What kind of infrastructure? We’re talking everything from US naval bases to energy utilities and internet providers.
And why? Wray said the hackers are lying low “in preparation to wreak havoc and cause real-world harm to American citizens and communities, if or when China decides the time has come to strike [ie, to take Taiwan]”.
This is all commonly referred to as a ‘grey zone challenge’ – ie, playing in the space between war and peace, to do harm without crossing into armed conflict.
It can include sabotage, espionage, political influence, shadow wars, and using civilian functions (like the coast guard, customs, or courts) for strategic aims (like controlling a waterway, coercing a rival, or extracting a concession).

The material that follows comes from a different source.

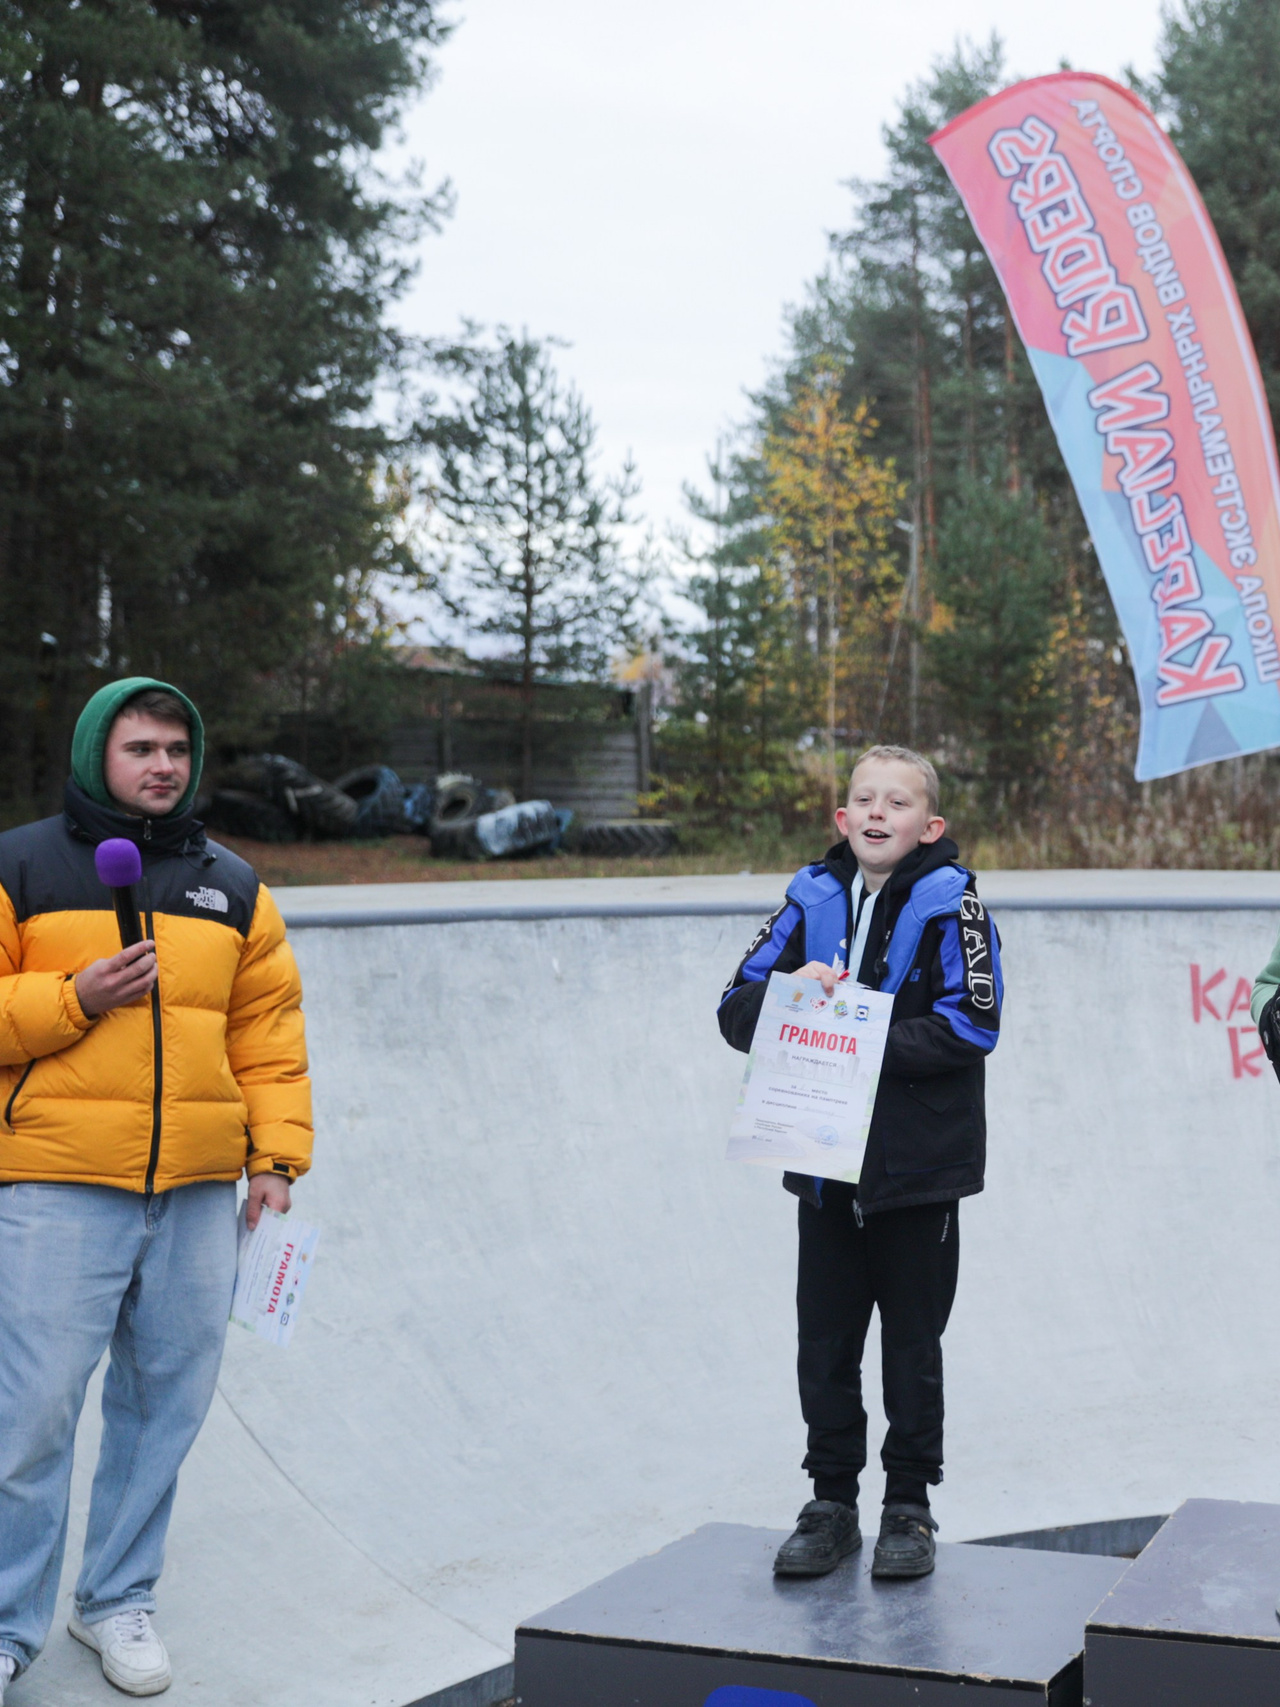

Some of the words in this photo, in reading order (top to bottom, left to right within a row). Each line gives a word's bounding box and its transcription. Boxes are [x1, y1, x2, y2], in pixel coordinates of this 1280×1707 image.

[778, 1023, 857, 1055] ГРАМОТА
[791, 1055, 838, 1068] НАГРАЖДАЕТСЯ
[267, 1242, 295, 1314] ГРАМОТА

But the FBI’s announcement above is an example of how much tech is now radically expanding the grey zone into the cybersphere.
And of course, China isn’t the only player that dabbles in the cyber-grey:
- The US has reportedly implanted 50,000 sleeper cells in routers around the world
- The UK has accused Russia of carrying out a sustained ‘hack and release’ campaign to undermine social trust and cohesion
- Microsoft also identified Iran last year as “a significant threat actor”, targeting mainly Israel, the US, Saudi Arabia, and the UAE
- And Israel dishes it out too, infamously using a virus to destroy Iranian centrifuges (and a remote robot to assassinate a nuclear scientist)
But… why? As the above examples suggest, greyzone tactics in the cybersphere can have several objectives:
- Military advantage:China reportedly sought here to disrupt America’s state of readiness (to aid Taiwan), like Russia did to Ukraine
- Intel: Any information advantage can help shape and pre-empt adversaries’ decisions
- Testing: It’s a relatively cost-free way to test when and how states react, to better map their trigger points, redlines, and responses
- Weakening: Done ‘right’, you can diminish an enemy by halting their technological progress or fomenting confusion, mistrust, and conflict
- Cash: Some (like North Korea) just make hundreds of millions from cybercrime to bankroll government and elite spending (check out our ‘passport of the day’ below for one memorable example)
So, to close… cyber greyzone tactics are a bit like checking yourself out in a shopfront reflection: everyone does it, nobody admits it, it’s embarrassing if you get sprung, but there are few real consequences. At least, not yet.
The dark genius of the cyber greyzone tactic is just how hard it is for the target to calibrate a response. First, attribution is still tough, as hackers use all kinds of evolving techniques to mask their activity, identity, and location.
And second, even if you figure out who’s behind it, you then have to figure out how to respond. This presents a constant risk of under-reacting (emboldening the hackers) or over-reacting (triggering something worse).
You can see in the public domain how governments propose rules of the road, like ‘no hacking for commercial gain’, or ‘no attacking the health sector’, or ‘let’s all follow these UN norms for responsible behaviour’.
But really, it’s still the law of the jungle – or as international relations folks call it, reciprocity and deterrence. Don’t do unto me, or I’ll do unto you right back.